Replacing the "interruptive model," Cheyfitz argued, is one that stresses engagement:
"Commercial messages must now be attractive, informative and engaging stories (news and entertainment) in their own right. They absolutely must deliver a valuable media experience to the audience -- an experience that informs or entertains or, heaven forbid, does both.
Isn't this storytelling engagement just the kind of thing NBC and
Times ad execs were hoping for with their ad-as-article ruse in Thursday's paper? As Publisher Eddy Hartenstein told the paper's reporters, "Because of the times that we're in, we have to look at all sorts of different -- and some would say innovative -- new solutions for our advertising clients."
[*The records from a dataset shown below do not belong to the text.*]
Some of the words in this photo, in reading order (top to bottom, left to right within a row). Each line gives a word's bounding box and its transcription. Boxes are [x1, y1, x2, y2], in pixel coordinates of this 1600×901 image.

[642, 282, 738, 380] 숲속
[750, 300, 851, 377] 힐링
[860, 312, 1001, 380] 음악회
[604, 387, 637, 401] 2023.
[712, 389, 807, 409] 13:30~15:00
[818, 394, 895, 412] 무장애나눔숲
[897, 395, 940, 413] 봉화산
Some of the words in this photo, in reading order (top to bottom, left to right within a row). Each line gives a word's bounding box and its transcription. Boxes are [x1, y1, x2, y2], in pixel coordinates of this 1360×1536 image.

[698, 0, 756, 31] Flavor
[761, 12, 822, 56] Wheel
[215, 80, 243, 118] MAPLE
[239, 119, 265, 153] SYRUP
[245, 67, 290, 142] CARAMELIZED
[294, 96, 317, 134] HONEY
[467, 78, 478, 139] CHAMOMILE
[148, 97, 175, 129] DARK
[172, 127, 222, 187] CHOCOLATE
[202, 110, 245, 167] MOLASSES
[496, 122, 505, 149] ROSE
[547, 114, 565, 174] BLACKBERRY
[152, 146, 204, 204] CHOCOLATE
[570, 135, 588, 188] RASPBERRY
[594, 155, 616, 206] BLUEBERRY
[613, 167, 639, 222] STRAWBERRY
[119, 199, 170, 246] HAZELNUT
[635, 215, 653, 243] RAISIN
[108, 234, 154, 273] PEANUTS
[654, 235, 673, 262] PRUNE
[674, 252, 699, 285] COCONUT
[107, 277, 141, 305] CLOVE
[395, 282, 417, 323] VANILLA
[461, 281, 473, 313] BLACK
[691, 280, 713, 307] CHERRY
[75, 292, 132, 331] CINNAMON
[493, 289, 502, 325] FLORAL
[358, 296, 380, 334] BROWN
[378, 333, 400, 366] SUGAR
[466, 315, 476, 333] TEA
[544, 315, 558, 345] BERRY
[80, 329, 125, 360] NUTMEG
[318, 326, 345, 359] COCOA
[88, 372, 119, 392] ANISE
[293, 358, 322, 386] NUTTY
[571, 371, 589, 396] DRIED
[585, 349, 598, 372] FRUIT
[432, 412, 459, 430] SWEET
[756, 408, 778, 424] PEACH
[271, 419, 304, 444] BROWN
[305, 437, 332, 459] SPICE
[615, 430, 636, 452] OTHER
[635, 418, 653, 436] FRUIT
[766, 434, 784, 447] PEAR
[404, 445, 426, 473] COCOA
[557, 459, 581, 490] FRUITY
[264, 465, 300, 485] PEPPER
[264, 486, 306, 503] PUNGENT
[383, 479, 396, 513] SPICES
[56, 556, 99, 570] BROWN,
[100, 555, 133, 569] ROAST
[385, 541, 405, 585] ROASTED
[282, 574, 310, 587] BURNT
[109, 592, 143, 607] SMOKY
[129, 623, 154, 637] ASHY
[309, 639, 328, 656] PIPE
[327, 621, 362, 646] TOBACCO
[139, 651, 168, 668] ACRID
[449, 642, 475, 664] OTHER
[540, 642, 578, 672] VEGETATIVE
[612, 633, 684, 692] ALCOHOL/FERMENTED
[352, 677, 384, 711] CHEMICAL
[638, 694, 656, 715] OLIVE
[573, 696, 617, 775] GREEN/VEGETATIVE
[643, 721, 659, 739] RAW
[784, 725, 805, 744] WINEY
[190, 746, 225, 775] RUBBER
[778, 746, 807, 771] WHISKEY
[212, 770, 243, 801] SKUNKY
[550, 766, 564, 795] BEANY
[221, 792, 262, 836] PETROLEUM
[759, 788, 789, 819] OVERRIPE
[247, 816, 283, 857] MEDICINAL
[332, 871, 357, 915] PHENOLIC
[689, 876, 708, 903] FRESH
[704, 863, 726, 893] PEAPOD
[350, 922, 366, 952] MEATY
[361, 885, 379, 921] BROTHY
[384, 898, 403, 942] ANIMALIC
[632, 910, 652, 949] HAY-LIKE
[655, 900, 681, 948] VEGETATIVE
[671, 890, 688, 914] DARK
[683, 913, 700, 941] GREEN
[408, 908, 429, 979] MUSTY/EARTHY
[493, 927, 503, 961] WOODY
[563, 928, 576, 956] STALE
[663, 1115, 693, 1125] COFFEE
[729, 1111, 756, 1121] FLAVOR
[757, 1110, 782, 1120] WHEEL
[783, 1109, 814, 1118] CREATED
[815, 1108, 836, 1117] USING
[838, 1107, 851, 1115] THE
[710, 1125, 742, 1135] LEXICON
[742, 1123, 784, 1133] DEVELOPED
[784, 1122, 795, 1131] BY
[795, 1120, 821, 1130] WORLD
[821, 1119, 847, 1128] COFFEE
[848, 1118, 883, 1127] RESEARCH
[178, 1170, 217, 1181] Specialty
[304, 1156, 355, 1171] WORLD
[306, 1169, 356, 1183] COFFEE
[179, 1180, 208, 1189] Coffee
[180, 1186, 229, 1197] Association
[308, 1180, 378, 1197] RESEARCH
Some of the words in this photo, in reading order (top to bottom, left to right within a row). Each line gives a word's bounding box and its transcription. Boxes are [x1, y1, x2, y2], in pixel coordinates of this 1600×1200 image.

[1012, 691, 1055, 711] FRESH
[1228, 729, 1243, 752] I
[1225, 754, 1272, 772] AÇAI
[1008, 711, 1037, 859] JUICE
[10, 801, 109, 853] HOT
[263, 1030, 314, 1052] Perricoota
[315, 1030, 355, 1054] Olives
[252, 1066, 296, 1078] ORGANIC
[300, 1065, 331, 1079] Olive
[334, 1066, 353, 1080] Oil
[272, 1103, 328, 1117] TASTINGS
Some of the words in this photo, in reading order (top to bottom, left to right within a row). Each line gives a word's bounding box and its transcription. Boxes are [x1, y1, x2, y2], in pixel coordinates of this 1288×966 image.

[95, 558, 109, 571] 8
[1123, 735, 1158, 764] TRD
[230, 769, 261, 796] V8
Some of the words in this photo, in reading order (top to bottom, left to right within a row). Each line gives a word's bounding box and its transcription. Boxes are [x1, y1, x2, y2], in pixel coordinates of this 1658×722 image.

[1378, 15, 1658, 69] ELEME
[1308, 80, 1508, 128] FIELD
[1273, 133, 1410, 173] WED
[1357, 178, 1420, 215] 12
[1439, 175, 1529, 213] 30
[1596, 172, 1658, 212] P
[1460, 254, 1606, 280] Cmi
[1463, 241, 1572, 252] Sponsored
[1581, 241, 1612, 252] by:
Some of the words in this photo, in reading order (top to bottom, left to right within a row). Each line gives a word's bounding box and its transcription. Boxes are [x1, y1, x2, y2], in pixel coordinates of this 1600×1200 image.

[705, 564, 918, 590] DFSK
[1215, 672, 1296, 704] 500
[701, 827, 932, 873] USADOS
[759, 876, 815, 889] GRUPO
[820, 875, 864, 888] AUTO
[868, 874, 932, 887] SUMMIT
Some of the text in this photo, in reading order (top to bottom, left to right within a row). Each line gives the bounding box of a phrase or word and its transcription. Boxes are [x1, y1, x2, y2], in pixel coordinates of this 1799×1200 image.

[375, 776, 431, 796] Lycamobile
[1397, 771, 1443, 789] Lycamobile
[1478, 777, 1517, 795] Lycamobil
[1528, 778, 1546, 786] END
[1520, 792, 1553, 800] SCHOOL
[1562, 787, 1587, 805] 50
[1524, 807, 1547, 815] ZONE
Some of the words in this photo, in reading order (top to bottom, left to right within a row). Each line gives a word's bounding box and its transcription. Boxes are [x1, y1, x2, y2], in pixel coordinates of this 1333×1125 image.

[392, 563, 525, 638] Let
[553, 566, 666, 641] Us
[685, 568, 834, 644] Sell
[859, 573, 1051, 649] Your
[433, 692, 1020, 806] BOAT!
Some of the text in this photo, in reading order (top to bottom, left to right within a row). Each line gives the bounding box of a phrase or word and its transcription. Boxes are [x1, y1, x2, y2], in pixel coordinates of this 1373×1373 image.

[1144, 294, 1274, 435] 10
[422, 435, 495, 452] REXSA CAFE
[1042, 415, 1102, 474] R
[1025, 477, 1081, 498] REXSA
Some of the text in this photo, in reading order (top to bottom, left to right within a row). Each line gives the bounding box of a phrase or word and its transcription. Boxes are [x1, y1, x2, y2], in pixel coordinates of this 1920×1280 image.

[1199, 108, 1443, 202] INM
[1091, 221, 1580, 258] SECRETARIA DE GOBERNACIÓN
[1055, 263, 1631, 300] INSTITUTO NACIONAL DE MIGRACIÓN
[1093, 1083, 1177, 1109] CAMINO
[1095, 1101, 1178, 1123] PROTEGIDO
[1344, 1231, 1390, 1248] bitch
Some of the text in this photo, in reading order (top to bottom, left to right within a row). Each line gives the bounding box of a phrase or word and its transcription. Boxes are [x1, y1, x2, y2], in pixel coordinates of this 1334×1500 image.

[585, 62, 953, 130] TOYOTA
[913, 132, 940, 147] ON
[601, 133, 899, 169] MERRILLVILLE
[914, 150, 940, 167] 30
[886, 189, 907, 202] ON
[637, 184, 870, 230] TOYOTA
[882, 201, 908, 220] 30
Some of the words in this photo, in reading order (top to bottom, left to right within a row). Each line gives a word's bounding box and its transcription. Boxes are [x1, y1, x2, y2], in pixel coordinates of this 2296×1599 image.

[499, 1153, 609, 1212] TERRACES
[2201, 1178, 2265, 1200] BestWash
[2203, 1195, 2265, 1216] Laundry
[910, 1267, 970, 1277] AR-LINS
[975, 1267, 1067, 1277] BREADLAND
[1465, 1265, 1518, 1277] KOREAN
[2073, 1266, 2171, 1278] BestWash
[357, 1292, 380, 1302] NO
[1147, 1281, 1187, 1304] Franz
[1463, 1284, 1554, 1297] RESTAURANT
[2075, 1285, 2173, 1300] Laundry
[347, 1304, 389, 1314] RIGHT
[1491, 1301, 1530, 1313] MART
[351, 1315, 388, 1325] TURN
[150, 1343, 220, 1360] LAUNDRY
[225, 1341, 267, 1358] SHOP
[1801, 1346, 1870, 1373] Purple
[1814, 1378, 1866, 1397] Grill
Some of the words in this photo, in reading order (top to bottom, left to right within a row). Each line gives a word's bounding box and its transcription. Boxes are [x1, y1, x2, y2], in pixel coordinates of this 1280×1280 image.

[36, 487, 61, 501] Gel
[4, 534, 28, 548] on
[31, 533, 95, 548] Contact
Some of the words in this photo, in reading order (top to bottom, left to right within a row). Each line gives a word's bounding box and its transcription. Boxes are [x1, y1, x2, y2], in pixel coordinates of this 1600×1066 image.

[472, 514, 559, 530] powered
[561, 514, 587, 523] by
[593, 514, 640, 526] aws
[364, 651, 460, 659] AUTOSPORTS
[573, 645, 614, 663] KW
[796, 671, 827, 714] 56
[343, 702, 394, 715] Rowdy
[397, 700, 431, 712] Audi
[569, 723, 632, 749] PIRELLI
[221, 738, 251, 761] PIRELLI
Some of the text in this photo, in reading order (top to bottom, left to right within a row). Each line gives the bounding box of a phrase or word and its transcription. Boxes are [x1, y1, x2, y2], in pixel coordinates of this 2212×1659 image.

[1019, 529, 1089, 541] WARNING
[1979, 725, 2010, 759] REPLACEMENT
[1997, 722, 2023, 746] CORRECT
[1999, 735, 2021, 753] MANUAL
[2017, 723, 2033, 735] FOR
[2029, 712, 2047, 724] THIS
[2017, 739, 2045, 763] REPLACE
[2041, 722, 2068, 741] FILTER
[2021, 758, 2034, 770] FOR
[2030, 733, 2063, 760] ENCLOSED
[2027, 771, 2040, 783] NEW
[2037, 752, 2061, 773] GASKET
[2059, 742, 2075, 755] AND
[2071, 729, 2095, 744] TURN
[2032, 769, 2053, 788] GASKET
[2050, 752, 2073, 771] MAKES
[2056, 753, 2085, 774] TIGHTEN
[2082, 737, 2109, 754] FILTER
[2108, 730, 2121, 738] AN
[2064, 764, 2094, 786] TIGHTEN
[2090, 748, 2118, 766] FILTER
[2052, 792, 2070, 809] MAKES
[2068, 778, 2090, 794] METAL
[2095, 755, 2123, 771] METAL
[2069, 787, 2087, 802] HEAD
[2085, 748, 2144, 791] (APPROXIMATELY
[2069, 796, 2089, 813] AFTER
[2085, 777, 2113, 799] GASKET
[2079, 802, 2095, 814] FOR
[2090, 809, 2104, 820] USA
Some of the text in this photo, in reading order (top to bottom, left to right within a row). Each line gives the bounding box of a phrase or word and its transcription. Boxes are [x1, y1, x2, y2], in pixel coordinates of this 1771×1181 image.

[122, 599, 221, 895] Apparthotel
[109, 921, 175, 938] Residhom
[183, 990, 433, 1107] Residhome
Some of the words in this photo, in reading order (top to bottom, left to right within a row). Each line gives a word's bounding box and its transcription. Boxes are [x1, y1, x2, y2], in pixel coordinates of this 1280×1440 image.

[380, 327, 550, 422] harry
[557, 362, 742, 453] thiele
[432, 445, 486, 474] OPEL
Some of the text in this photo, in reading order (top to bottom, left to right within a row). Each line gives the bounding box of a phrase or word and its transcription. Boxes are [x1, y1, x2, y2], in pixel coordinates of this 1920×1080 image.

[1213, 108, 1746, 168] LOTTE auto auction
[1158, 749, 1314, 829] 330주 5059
Yet advertorial content hardly represents a new solution. The only thing innovative about the
Times' "Southland" ad was its placement on the front page.
Although part of the
custom publishing industry, Cheyfitz said in an interview that his outfit tries to stretch its traditional boundaries. The idea is to serve the sponsoring advertiser by engaging users -- existing or potential customers -- with content that's interesting and useful enough to sustain or create a link with the advertiser. All of that shares a common goal with traditional advertising, of course: increased sales for the advertiser.
At its core, Cheyfitz's business model isn't all that new, either: publication of material that an advertiser believes will help sell more of its products. What appears to differentiate the company's magazines from traditional advertorial is, well, the way they engage readers.
Story Worldwide offers no pretense of editorial independence in the
Lexus magazine it publishes four times a year for the luxury automobile brand. But neither is it promotional to the point of boring or annoying its high-end readership.
Publications such as
The Hair Book, a new magazine for Regis Salons, and
ENDLESS VACATION, published on behalf of the RCI timeshare property firm, do not represent the sort of public interest journalism that news organizations are fighting so hard to preserve. But could such publications -- if produced by news organizations as a separate line of business for key advertisers -- provide some of the revenue it takes to sustain coverage of city hall and the school board?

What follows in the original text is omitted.